If permitted, contestants of all ages, hotel guests or not, would participate in a series of four games as seen on the show, to take place in a pine tree forest on hotel grounds: tug of war, the traditional Korean paper-flipping game ttakji chigi, the tasty dalgona cookie challenge and the nightmarish “Red Light, Green Light.” No details as to whether a giant, creepy doll will be involved.
Chosen players would receive the characteristically mysterious business card with a phone number for a host who would give them instructions on how to play — as depicted in the show. They also warned that those who break rules will be eliminated, “though not literally as in the series,” according to Korea Times.

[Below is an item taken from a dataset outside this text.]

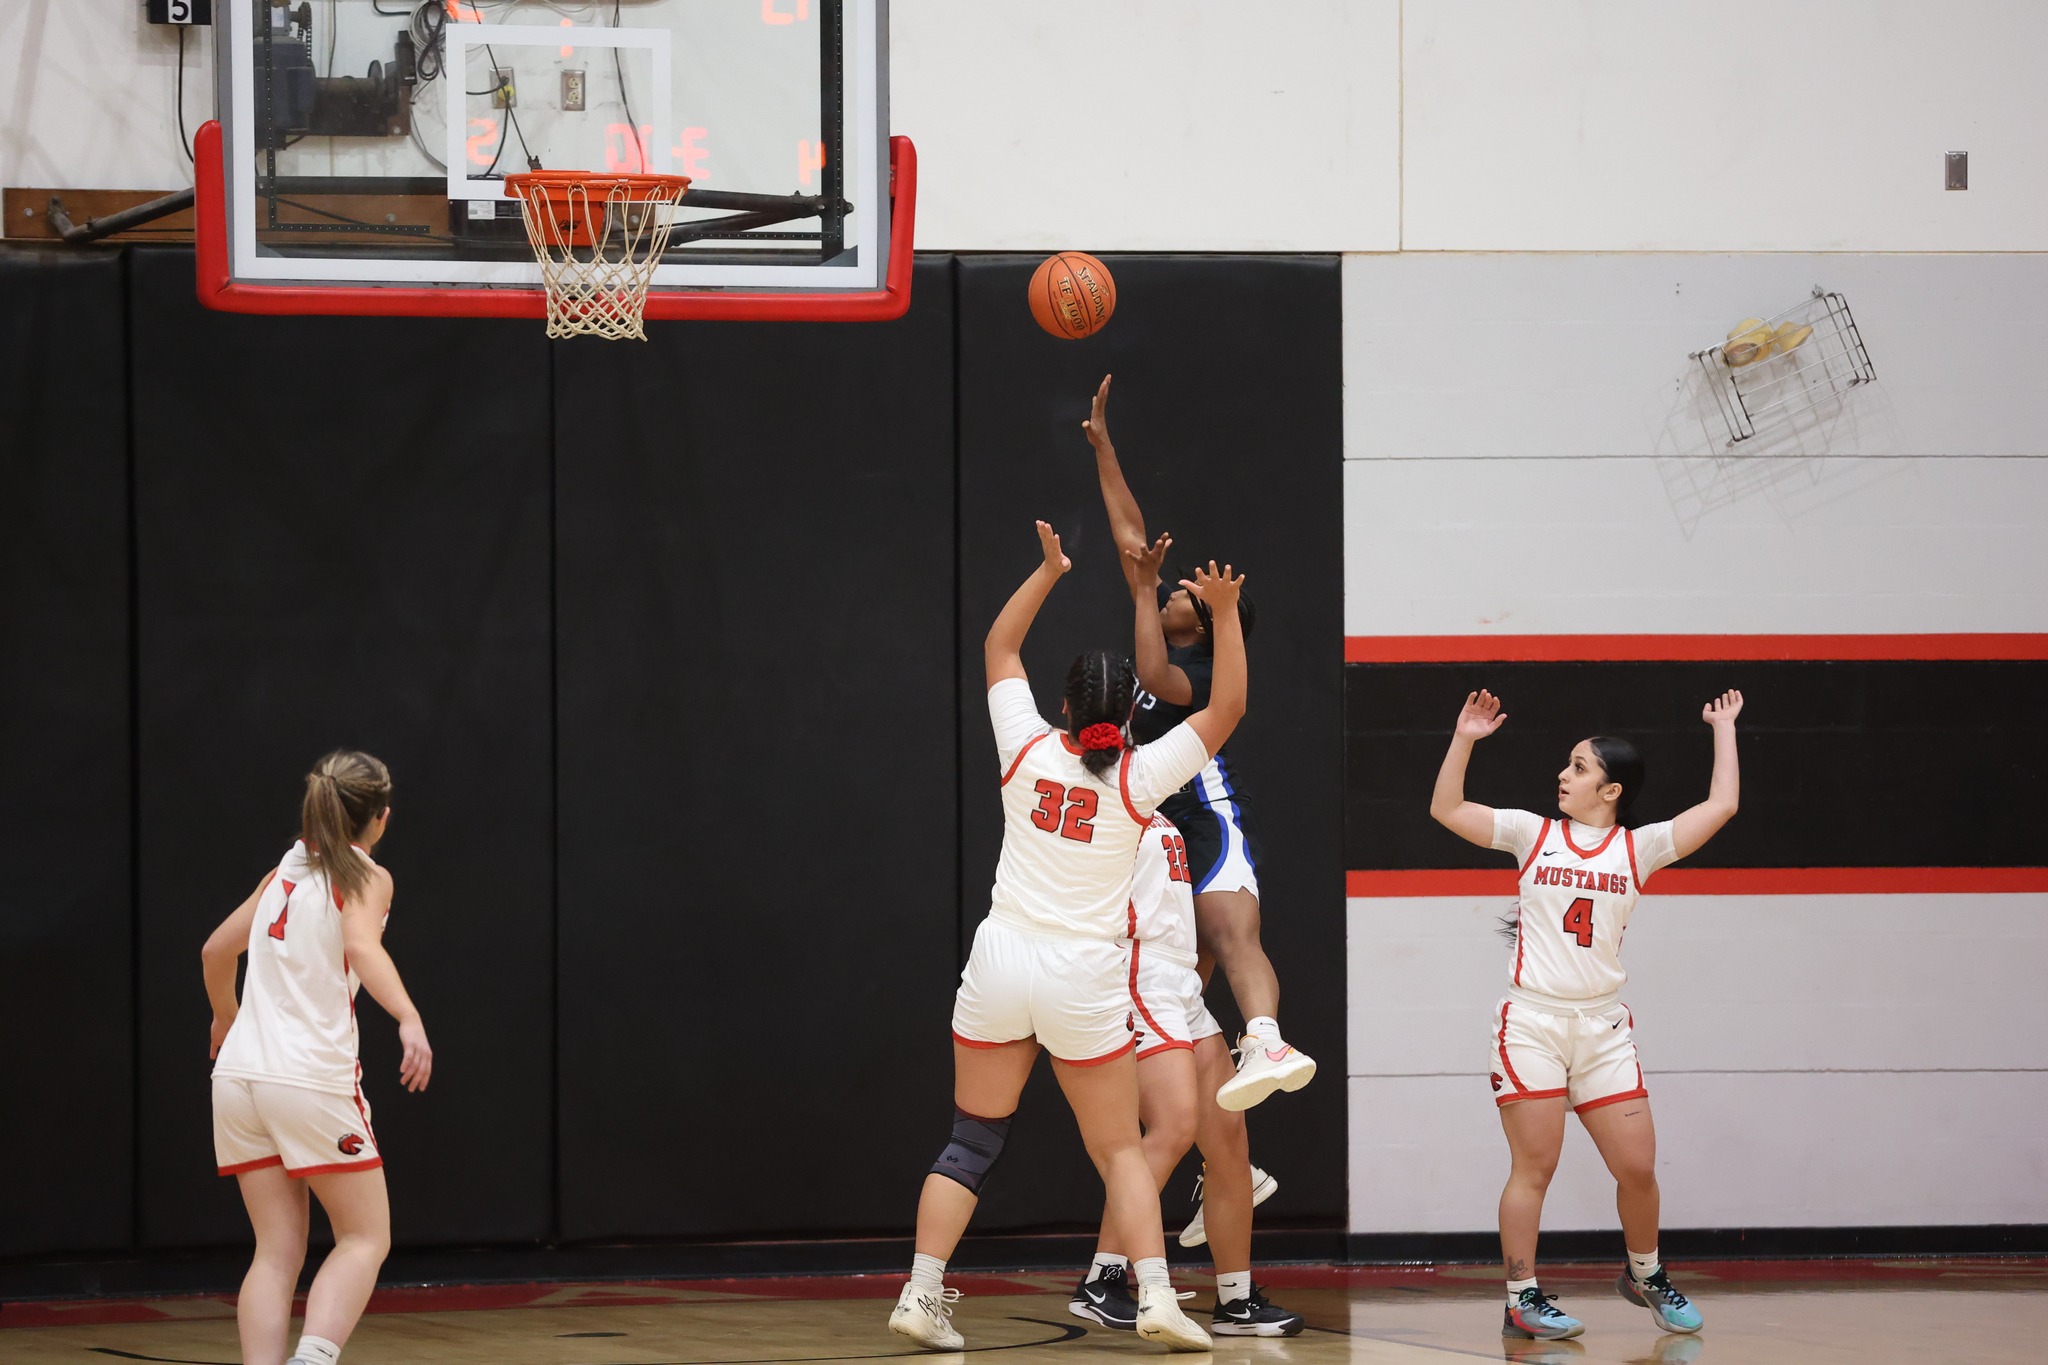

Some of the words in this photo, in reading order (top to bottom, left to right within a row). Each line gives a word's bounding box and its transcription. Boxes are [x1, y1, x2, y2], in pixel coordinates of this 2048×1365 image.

As in the show, the anonymous host will also be revealed once a winner is crowned.
But the local authorities in Gangneung said there are rules against the gathering of more than eight people, regardless of vaccination and health status.
Registration for the games, which costs 10,000 won ($8.40) in advance, closed as of Wednesday, according to Instagram. The event was already sold out by the time the city issued their order, according to a hotel staffer who spoke to the Korean Times, adding in a statement from St. John’s Hotel that talks are underway to discuss cancellation or modifying the games to comply with city codes.
They may look to yet another “Squid Game”-like tournament to begin Oct. 16 at a campground in Wonju, Gangwon Province, Korea Times also reported. Organized by the online game platform Frip, games are scheduled with a limited number of players in compliance with public health restrictions.
The winner of Frip’s real-life games would receive 45,600 points — a nod to the 45.6 billion won award for the fictional series winner — to be used on their site.